**Description of the task**. Because the pictures are not wanted, give back only the exact text of every entry below.

─── Records for this exercise

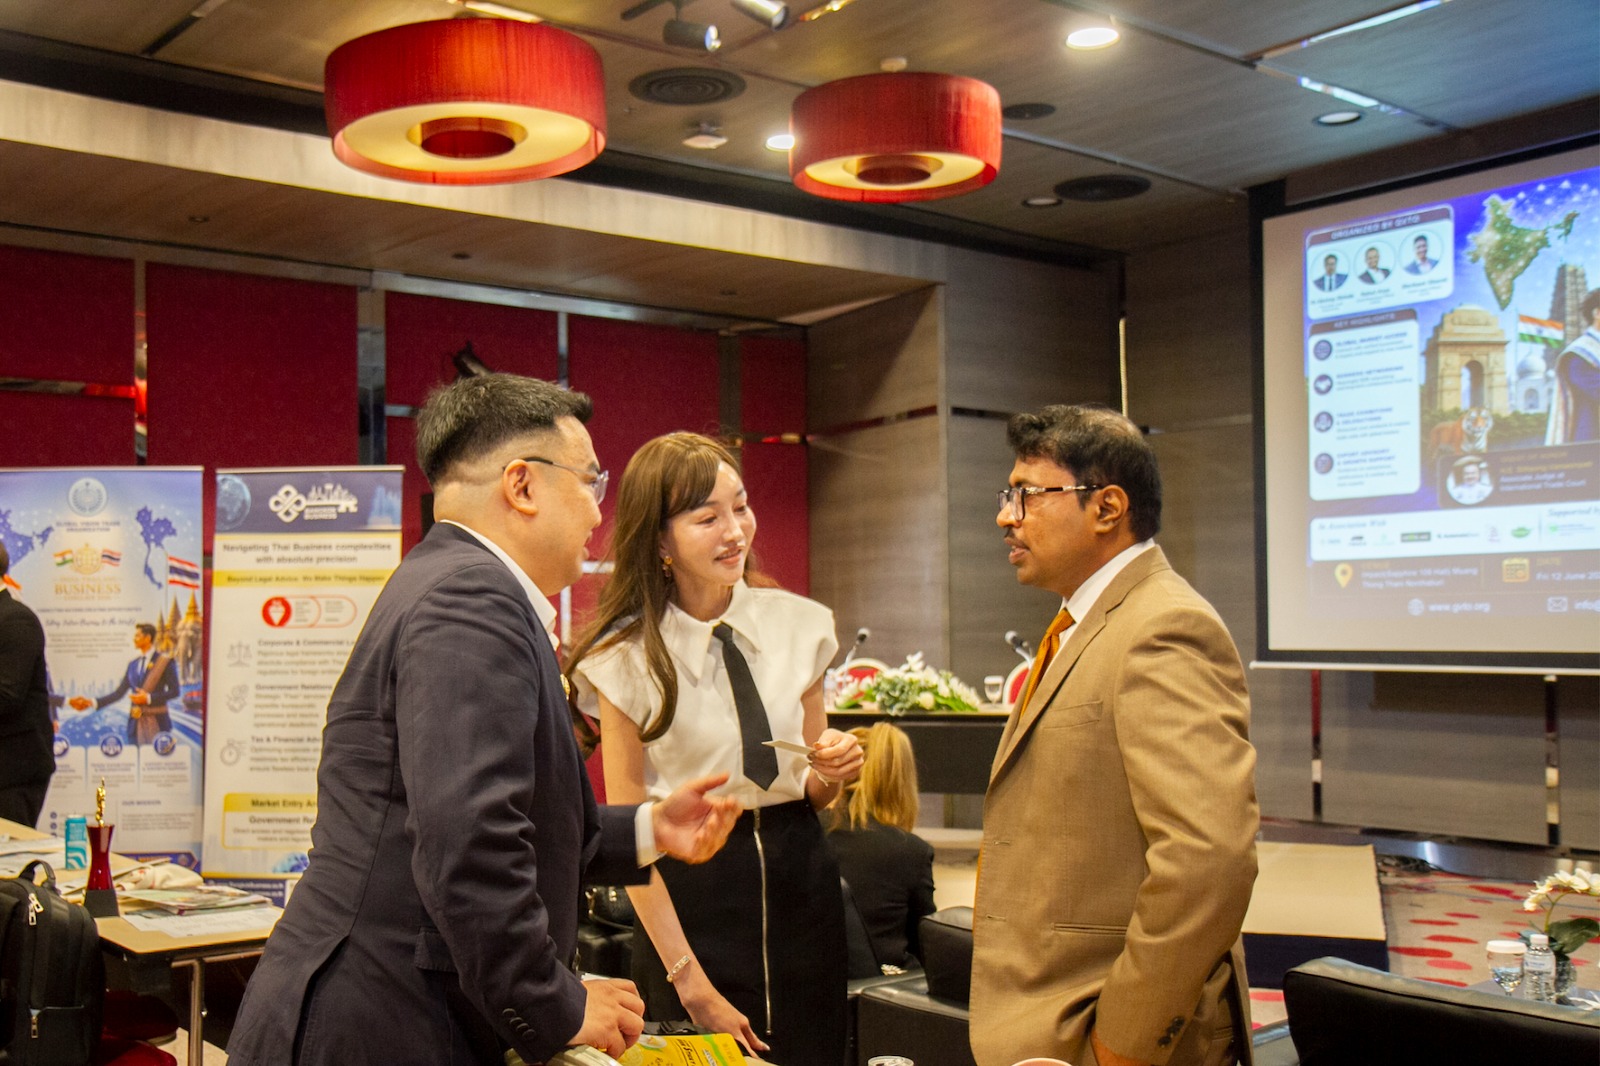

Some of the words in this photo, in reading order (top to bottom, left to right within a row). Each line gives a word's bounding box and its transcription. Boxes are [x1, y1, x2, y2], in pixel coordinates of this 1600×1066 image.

[1331, 222, 1379, 239] ORGANIZED
[223, 543, 269, 553] Navigating
[272, 542, 291, 551] Thai
[293, 543, 333, 551] Business
[335, 542, 392, 553] complexities
[256, 556, 274, 564] with
[276, 555, 313, 564] absolute
[316, 555, 358, 565] precision
[54, 583, 121, 595] BUSINESS
[258, 640, 293, 648] Corporate
[303, 639, 343, 647] Commercial
[251, 800, 280, 808] Market
[282, 799, 303, 810] Entry
[249, 815, 301, 825] Government

──────

**Written response**.
Some of the words in this photo, in reading order (top to bottom, left to right within a row). Each line gives a word's bounding box and its transcription. Boxes are [x1, y1, x2, y2], in pixel coordinates of this 1600×1066 image.

[1331, 222, 1379, 239] ORGANIZED
[223, 543, 269, 553] Navigating
[272, 542, 291, 551] Thai
[293, 543, 333, 551] Business
[335, 542, 392, 553] complexities
[256, 556, 274, 564] with
[276, 555, 313, 564] absolute
[316, 555, 358, 565] precision
[54, 583, 121, 595] BUSINESS
[258, 640, 293, 648] Corporate
[303, 639, 343, 647] Commercial
[251, 800, 280, 808] Market
[282, 799, 303, 810] Entry
[249, 815, 301, 825] Government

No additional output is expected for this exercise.